A côté de ces amalgames, et au nom de la liberté des femmes, plusieurs intervenants semblent, par oubli ou inconscience, remettre en cause deux autres libertés fondamentales. D’abord, la liberté de la justice d’émettre ses jugements en toute indépendance. Ainsi, il est étonnant que l’Elysée et Matignon aient exigé de la garde de Sceaux de demander au Parquet de faire appel pour que le jugement ne fasse pas jurisprudence. Ensuite, la liberté pour les deux parties du couple de définir ce qui est essentiel pour elles. Si l’on enlève la virginité du répertoire des qualités essentielles de la personne, cela reviendrait à décider à la place des sujets concernés ce qui doit être important dans leur relation de couple. Si le législateur impose ce qui est qualité essentielle et ce qui ne l’est pas, cela revient à abolir le droit de lubie. Autrement dit, un mari ou sa femme ne va plus pouvoir annuler son mariage s’il s’estime trompé sur la qualité de son partenaire. Son seul recours serait la tortueuse et coûteuse procédure de divorce. Ce serait une atteinte encore plus grave à la liberté de choix car cela remet en cause le droit d’avoir une conception individuelle et autonome de son projet de couple. La société n’est pas habilitée à juger le projet d’un couple, tant que celui-ci est légal et fondé sur un consentement mutuel. En revanche, elle peut juger le mensonge au moment de la conclusion du contrat de mariage. Décider ce qui est bon ou pas pour un couple reviendrait à instaurer un certain dirigisme matrimonial. Or, la vie d’un couple est une interaction libre entre deux personnes sur la base d’un consentement mutuel. Si la femme dont le mariage a été annulé a contesté la décision ou s’il s’est avéré qu’elle était menacée ou forcée, la décision du juge aurait été contestable.

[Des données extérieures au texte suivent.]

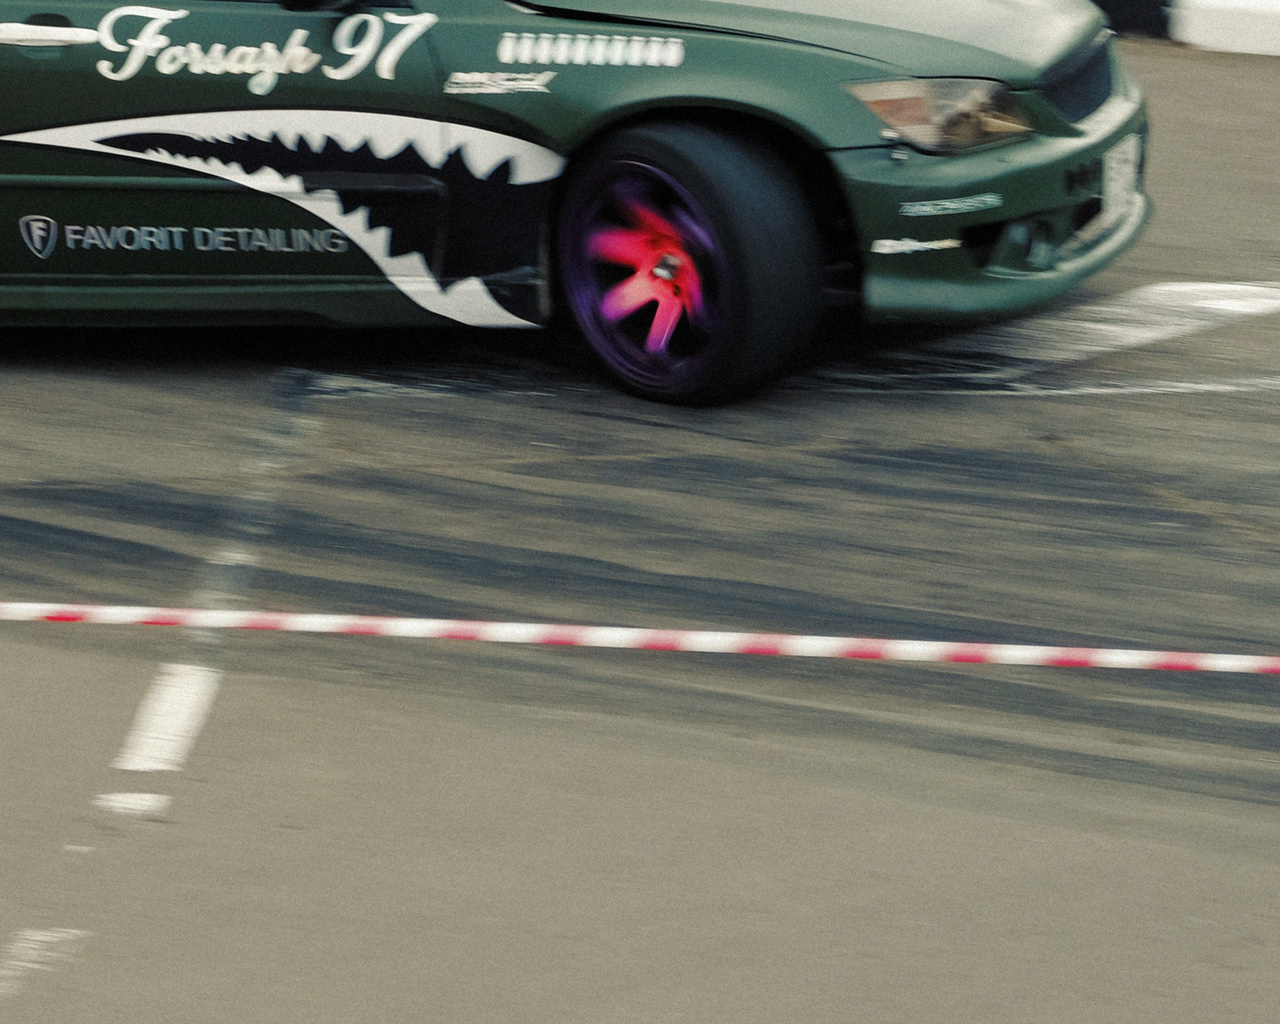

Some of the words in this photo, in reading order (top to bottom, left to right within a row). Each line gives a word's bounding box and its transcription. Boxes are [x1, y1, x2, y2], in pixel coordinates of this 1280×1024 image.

Que serait-il passé si le tribunal avait rejeté la demande d’annulation de mariage ? Ne serait-il pas choquant de créer un re-mariage forcé contre la volonté des deux époux ? Dans une telle perspective, un divorce serait inéluctable. Certaines voix se sont élevées, notamment le conseiller politique de Nicolas Sarkozy, pour supprimer carrément le droit d’annulation de mariage et laisser le divorce comme seul « bon de sortie ». Mais quelle différence y a-t-il entre une annulation de mariage pour non-virginité et un divorce pour la même raison. Nadine Morano, secrétaire d’Etat à la famille, proposait que l’on retire la virginité comme qualité essentielle du répertoire des motifs d’annulation de mariage car les hommes et les femmes sont inégaux devant la contrainte de virginité. C’est vrai, mais dans ce cas il faudrait retirer de la liste le motif d’impuissance sexuelle qui a justifié plusieurs annulations de mariage. Car, dans ce cas de figue, ce sont les hommes qui sont défavorisés par rapport aux femmes. Il faudrait d’arrêter les tentatives de faire entrer la justice dans une sorte de moule politique malléable selon le consensus ambiant. Ce qui est choquant, ce n’est pas la décision de la juge, mais c’est la démarche du mari, deux choses complètement différentes même si l’association entre les deux est tentante. Le débat doit donc se situer sur le terrain de la société et non sur celui de la justice. Celle-ci doit rester tout simplement indépendante.